━━━ ENTRIES SUPPLIED ━━━

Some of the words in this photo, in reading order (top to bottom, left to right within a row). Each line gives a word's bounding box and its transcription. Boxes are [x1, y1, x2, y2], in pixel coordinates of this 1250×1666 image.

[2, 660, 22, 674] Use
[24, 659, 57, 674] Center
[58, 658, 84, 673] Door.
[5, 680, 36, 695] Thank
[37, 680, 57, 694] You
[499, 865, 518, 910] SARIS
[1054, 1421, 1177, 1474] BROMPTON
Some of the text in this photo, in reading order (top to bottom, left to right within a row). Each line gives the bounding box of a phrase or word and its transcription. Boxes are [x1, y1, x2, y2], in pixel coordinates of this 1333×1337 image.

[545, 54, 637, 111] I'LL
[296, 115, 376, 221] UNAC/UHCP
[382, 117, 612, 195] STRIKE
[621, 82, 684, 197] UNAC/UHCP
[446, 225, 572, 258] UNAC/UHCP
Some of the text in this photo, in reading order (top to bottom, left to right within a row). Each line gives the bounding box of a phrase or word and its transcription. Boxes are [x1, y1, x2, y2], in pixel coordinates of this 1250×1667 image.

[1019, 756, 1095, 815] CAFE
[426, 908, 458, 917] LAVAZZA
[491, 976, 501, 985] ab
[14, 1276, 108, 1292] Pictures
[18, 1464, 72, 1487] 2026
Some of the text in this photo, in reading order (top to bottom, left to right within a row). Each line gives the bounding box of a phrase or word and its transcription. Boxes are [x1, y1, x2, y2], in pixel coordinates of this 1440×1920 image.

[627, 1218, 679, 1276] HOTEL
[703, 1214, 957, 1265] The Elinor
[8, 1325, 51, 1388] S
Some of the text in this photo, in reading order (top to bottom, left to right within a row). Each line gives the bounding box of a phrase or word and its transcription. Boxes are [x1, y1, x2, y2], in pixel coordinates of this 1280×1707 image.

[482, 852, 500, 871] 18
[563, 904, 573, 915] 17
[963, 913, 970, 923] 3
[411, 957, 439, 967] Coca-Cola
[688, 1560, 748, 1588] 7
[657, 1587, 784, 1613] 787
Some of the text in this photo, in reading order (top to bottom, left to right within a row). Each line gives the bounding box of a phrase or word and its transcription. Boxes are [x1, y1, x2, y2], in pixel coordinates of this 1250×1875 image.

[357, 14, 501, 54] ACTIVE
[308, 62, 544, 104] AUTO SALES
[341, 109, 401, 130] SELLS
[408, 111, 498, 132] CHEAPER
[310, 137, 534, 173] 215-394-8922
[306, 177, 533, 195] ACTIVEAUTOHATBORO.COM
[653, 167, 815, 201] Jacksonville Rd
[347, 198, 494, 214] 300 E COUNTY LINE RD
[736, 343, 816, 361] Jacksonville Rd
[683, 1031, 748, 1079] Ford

━━━

PROBLEM DESCRIPTION: Set down each entry from above once more, exactly as written.

PROBLEM SOLUTION:
Some of the words in this photo, in reading order (top to bottom, left to right within a row). Each line gives a word's bounding box and its transcription. Boxes are [x1, y1, x2, y2], in pixel coordinates of this 1250×1666 image.

[2, 660, 22, 674] Use
[24, 659, 57, 674] Center
[58, 658, 84, 673] Door.
[5, 680, 36, 695] Thank
[37, 680, 57, 694] You
[499, 865, 518, 910] SARIS
[1054, 1421, 1177, 1474] BROMPTON
Some of the text in this photo, in reading order (top to bottom, left to right within a row). Each line gives the bounding box of a phrase or word and its transcription. Boxes are [x1, y1, x2, y2], in pixel coordinates of this 1333×1337 image.

[545, 54, 637, 111] I'LL
[296, 115, 376, 221] UNAC/UHCP
[382, 117, 612, 195] STRIKE
[621, 82, 684, 197] UNAC/UHCP
[446, 225, 572, 258] UNAC/UHCP
Some of the text in this photo, in reading order (top to bottom, left to right within a row). Each line gives the bounding box of a phrase or word and its transcription. Boxes are [x1, y1, x2, y2], in pixel coordinates of this 1250×1667 image.

[1019, 756, 1095, 815] CAFE
[426, 908, 458, 917] LAVAZZA
[491, 976, 501, 985] ab
[14, 1276, 108, 1292] Pictures
[18, 1464, 72, 1487] 2026
Some of the text in this photo, in reading order (top to bottom, left to right within a row). Each line gives the bounding box of a phrase or word and its transcription. Boxes are [x1, y1, x2, y2], in pixel coordinates of this 1440×1920 image.

[627, 1218, 679, 1276] HOTEL
[703, 1214, 957, 1265] The Elinor
[8, 1325, 51, 1388] S
Some of the text in this photo, in reading order (top to bottom, left to right within a row). Each line gives the bounding box of a phrase or word and its transcription. Boxes are [x1, y1, x2, y2], in pixel coordinates of this 1280×1707 image.

[482, 852, 500, 871] 18
[563, 904, 573, 915] 17
[963, 913, 970, 923] 3
[411, 957, 439, 967] Coca-Cola
[688, 1560, 748, 1588] 7
[657, 1587, 784, 1613] 787
Some of the text in this photo, in reading order (top to bottom, left to right within a row). Each line gives the bounding box of a phrase or word and its transcription. Boxes are [x1, y1, x2, y2], in pixel coordinates of this 1250×1875 image.

[357, 14, 501, 54] ACTIVE
[308, 62, 544, 104] AUTO SALES
[341, 109, 401, 130] SELLS
[408, 111, 498, 132] CHEAPER
[310, 137, 534, 173] 215-394-8922
[306, 177, 533, 195] ACTIVEAUTOHATBORO.COM
[653, 167, 815, 201] Jacksonville Rd
[347, 198, 494, 214] 300 E COUNTY LINE RD
[736, 343, 816, 361] Jacksonville Rd
[683, 1031, 748, 1079] Ford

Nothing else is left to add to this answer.